TLC Approved Partition Installer Update
As the TLC continues allowing FHVs the opportunity to have temporary partitions installed, it is also expanding its list of approved installers, as many of the companies on the list are booked up for weeks on end.
Click Here to view a list of TLC-approved installers. This list will grow as more installers are adding in the coming weeks and months.
According to Berj Haroutunian, President of Vital Transportation in Long Island City, NY, a week before Phase 2 went into effect in late June, his company began fielding calls from customers inquiring about protocols for disinfecting vehicles and keeping passengers safe. Quite a few asked about partitions.
“We’ve never really gotten calls like this in the past, but quite a few of the drivers who work with us have started getting them installed,” explains Haroutunian.
“We have definitely seen an uptick in the number calls from drivers looking to have partitions installed in their vehicles,” adds Michael Bednark, Founder of Bednark Studio Inc. (www.builtbybednark.com), a Brooklyn-based company that performs installations. “We are recommending that people who want to make an appointment for an install do so as soon as possible, as the new phases of reopening NYC lift restrictions and more people start looking to hire rides.”
I was recently reading that food trade groups are pushing for early access to a vaccine, once it is developed and made available to the public, even though a vaccine is still likely at least months away from being ready, possibly longer. In the meantime, I think it would be a great idea for our industry to lobby for the same kind of early access – particularly since drivers were considered essential workers at the height of the pandemic in the city and proved that they are indeed essential.
No More Optical
I’m sad to say that the “optical benefit” that has been offered to member-drivers of The New York Black Car Fund will no longer be available, which means no more free eye exams and glasses. The Fund is always looking for new ways to help drivers, but not enough of them participated in the program. I would encourage all Black Car drivers to take a closer look at all of the benefits available at no charge to them, along with the discounts afforded to them… and use them. That’s what they are there for, but some of them can end up being shelved if people don’t participate.

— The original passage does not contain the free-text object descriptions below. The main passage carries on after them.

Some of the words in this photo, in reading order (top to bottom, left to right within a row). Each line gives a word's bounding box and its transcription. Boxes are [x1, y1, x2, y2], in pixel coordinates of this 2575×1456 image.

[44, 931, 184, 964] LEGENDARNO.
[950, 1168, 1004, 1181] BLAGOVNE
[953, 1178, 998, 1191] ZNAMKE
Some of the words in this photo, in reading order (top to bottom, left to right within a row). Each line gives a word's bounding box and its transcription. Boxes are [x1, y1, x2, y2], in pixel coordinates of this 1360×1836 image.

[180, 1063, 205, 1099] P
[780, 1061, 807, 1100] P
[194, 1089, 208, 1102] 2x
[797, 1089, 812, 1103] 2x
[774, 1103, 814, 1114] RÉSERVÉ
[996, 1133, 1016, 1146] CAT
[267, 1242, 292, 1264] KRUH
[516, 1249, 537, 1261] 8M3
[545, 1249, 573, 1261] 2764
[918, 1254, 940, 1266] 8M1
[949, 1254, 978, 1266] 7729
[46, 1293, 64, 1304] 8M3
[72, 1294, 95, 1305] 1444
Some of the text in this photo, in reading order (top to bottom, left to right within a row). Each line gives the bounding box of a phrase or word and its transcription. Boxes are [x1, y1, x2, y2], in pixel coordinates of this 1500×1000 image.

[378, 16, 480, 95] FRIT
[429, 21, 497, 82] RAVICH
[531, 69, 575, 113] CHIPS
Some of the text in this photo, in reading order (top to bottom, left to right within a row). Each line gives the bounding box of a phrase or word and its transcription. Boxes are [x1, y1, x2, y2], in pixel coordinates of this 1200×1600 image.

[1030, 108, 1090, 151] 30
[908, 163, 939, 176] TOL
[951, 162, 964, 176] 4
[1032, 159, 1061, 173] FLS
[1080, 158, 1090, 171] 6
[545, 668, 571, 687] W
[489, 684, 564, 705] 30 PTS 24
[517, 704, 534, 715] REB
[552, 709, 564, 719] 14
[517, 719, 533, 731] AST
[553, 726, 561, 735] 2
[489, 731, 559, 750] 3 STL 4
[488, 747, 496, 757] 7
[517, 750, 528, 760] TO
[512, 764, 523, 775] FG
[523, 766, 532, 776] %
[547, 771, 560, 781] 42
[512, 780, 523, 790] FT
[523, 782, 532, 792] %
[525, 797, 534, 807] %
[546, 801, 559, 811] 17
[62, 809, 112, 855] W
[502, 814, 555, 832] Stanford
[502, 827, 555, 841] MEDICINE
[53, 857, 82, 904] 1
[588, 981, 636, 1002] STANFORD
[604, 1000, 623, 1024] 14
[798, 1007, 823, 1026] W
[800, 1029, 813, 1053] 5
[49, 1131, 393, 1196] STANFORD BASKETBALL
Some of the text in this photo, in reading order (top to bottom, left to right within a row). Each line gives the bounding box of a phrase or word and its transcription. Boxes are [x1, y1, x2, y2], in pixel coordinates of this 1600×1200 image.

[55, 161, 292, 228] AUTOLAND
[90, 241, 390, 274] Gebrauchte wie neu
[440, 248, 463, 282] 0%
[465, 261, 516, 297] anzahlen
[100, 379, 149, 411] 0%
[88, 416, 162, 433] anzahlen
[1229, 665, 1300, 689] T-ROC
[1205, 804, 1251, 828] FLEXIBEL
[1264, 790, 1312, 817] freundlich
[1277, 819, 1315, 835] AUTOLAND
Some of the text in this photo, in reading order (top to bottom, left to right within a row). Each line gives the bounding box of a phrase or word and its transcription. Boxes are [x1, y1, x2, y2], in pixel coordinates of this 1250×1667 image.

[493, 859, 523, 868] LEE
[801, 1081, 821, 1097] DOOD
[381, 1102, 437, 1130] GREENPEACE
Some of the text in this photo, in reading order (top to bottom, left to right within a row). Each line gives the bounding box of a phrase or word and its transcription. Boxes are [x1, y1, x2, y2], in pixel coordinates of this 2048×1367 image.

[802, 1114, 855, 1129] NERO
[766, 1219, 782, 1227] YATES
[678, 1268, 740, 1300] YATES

This obviously has nothing to do with the Workers’ Compensation benefits the Fund provides. Those are set in stone, but when The Fund offers additional benefits at no additional cost, it saddens me when drivers don’t take full advantage of them. There truly is nothing else like The Fund anywhere, for Independent Contractor drivers.
Before I sign off, I want to encourage ALL TLC-regulated drivers to remain vigilant about cleaning and safety protocols as NYC continues to open in phases. FHVs and Taxis are being hailed by experts as the safest form of transport – but the public needs to feel confident that every imaginable precaution is being taken seriously, if we want to see the industry bounce back in a significant way any time soon.